Hakuro cleared his throat and loosed his next verbal projectile. "The two men were from Xing." He gave Roy a look that dared him to react. "That place holds some kind of importance in your life, doesn't it?"

Roy's eyebrow twitched. He would have thought the word would generate some kind of anger, something. It just fell flat on his ears and left him with a dull ache in his stomach, and a bit of surprise that Hakuro had done some good research into his life. "Really? And why should that be so significant to me?"

"You know why, Colonel Mustang!" General Hakuro pounded the table. "Stop playing innocent with me! You forget I have seen your file. I know everything that's in it. And I know a few things that are not."

Not by half, you don't, Roy thought. He was really going to enjoy the conversation he planned to have with Hakuro's ass-boy Archer when he got the chance. "So, just the fact that these men were from Xing implicates my involvement in some manner? How are you coming to that conclusion?"

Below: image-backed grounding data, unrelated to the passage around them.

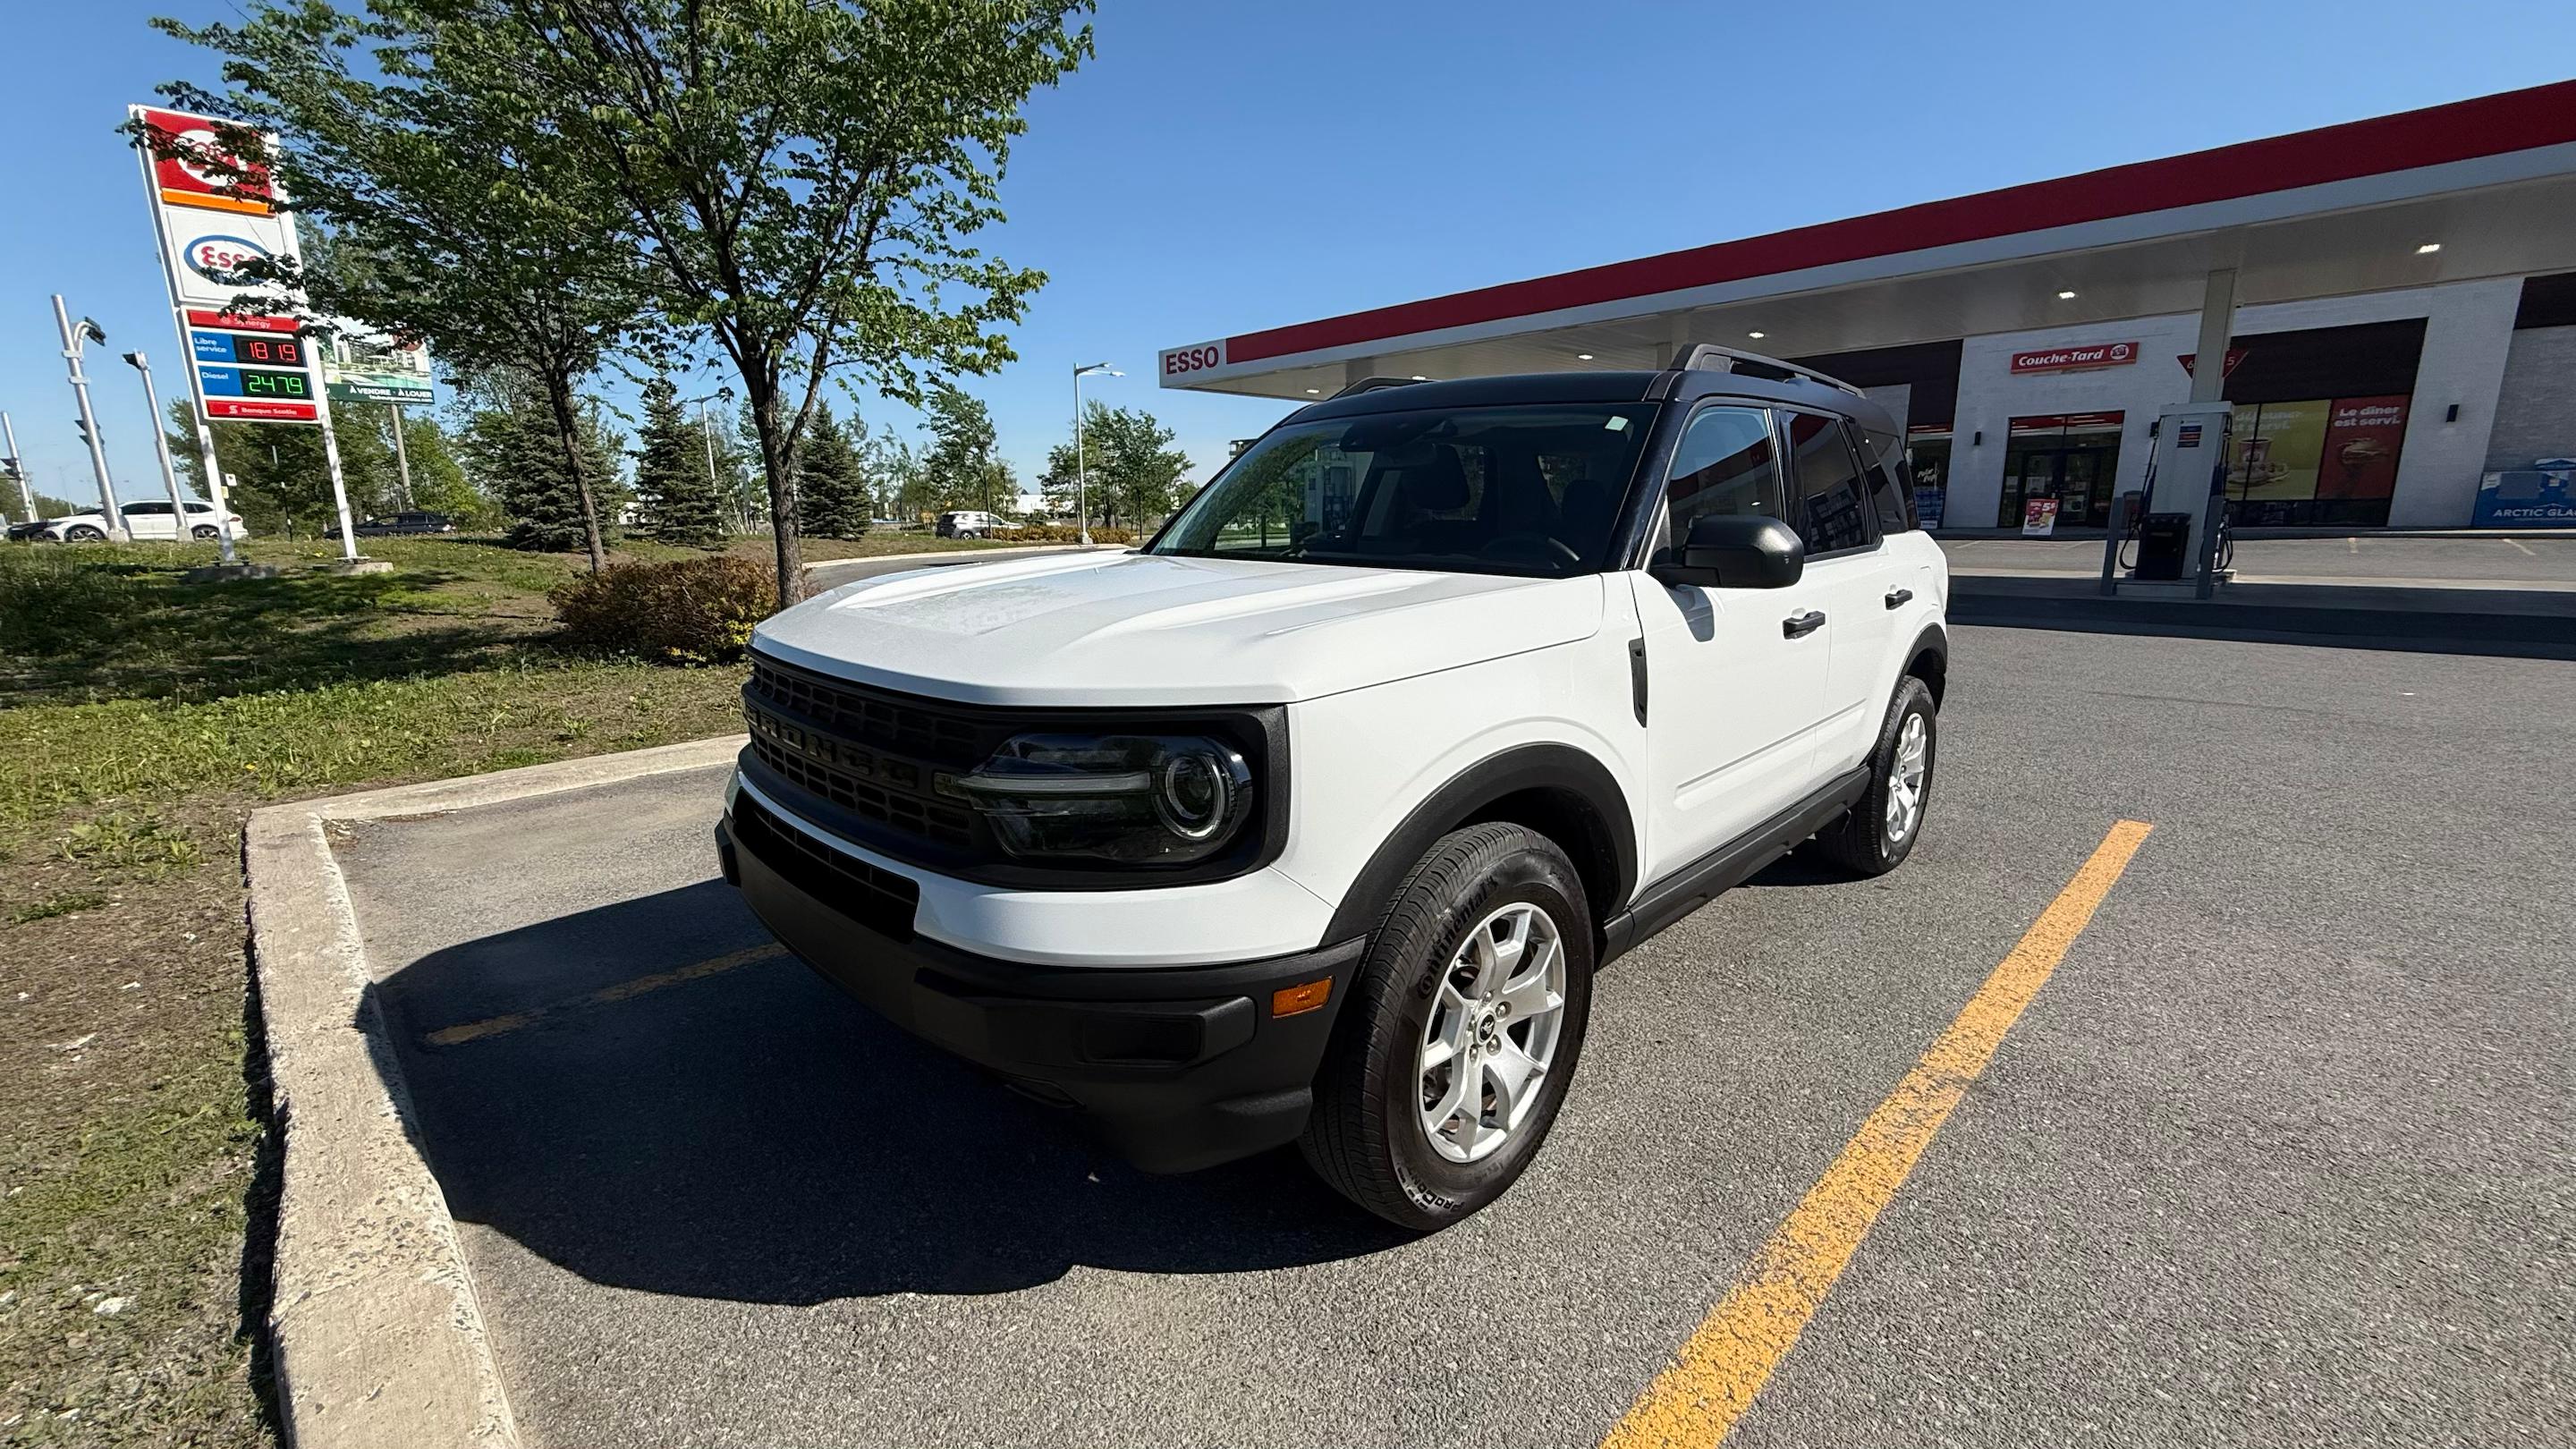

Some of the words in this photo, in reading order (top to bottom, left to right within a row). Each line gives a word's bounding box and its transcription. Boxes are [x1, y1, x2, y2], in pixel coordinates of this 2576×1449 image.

[194, 337, 217, 345] Libre
[196, 344, 227, 353] service
[1165, 346, 1219, 375] ESSO
[2018, 349, 2104, 367] Couche-Tard
[2227, 357, 2235, 366] 5
[201, 371, 229, 380] Diesel
[357, 387, 392, 395] VENDRE
[405, 390, 433, 398] LOUER
[241, 407, 272, 415] Banque
[2339, 407, 2359, 417] Le
[2334, 416, 2358, 427] est
[2360, 415, 2401, 426] servi.
[2492, 508, 2544, 517] ARCTIC
[2546, 508, 2576, 517] GLA
[745, 702, 918, 788] BRONCO

"They confessed, Mustang. That they were in collusion with a State Alchemist in an attempt to overthrow the government by undermining it."

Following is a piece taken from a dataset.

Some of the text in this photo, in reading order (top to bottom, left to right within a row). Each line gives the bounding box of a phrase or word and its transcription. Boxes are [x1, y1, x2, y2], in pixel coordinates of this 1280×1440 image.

Roy crossed his arms over his chest, held back his laugh, and waited for a further explanation. This would be rich. Very rich, indeed.

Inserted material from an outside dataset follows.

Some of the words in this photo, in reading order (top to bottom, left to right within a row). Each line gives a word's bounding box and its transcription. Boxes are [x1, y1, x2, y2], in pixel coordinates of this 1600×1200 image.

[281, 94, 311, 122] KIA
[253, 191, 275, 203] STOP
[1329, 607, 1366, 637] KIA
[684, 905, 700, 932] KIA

"They confessed that this State Alchemist had a specialty in incendiary devices. Said he made them up from apparently thin air."

Roy cocked an eyebrow and waited some more.

"Everything they said to me adds up, Mustang." Hakuro leaned forward in an intimidating manner. "What did they offer you, boy?"

"Adds up, you say?" Roy said by way of answer. "You must have been horrible with mathematics in Academy, General. I think you're taking two and two and coming up with something like seven." Roy leaned forward himself, so that he could look Hakuro directly in his eye. "I don't know anything about any men from Xing."

"I say you do."

"And I say you're reaching. I wonder why it's so important to implicate me." Roy shrugged. "I'm very curious. Because it would have to be very important for you to ignore the important fact that my specialty is not incendiaries. It's manipulation of gases, both noble and not. I transmute them into their flammable state with the use of alchemy and ignition." He smiled a toothy grin. "I see. It must be that thin air statement that had your mind ticking. But, I'm not the one who specialized in creating incendiary devices." He snapped his bare fingers. "I create flames. Flames burn. The do not explode." He said the next thing on purpose, to see if he could get his own rise from Hakuro. "They raze, they don't ruin. A fine distinction, but one nonetheless."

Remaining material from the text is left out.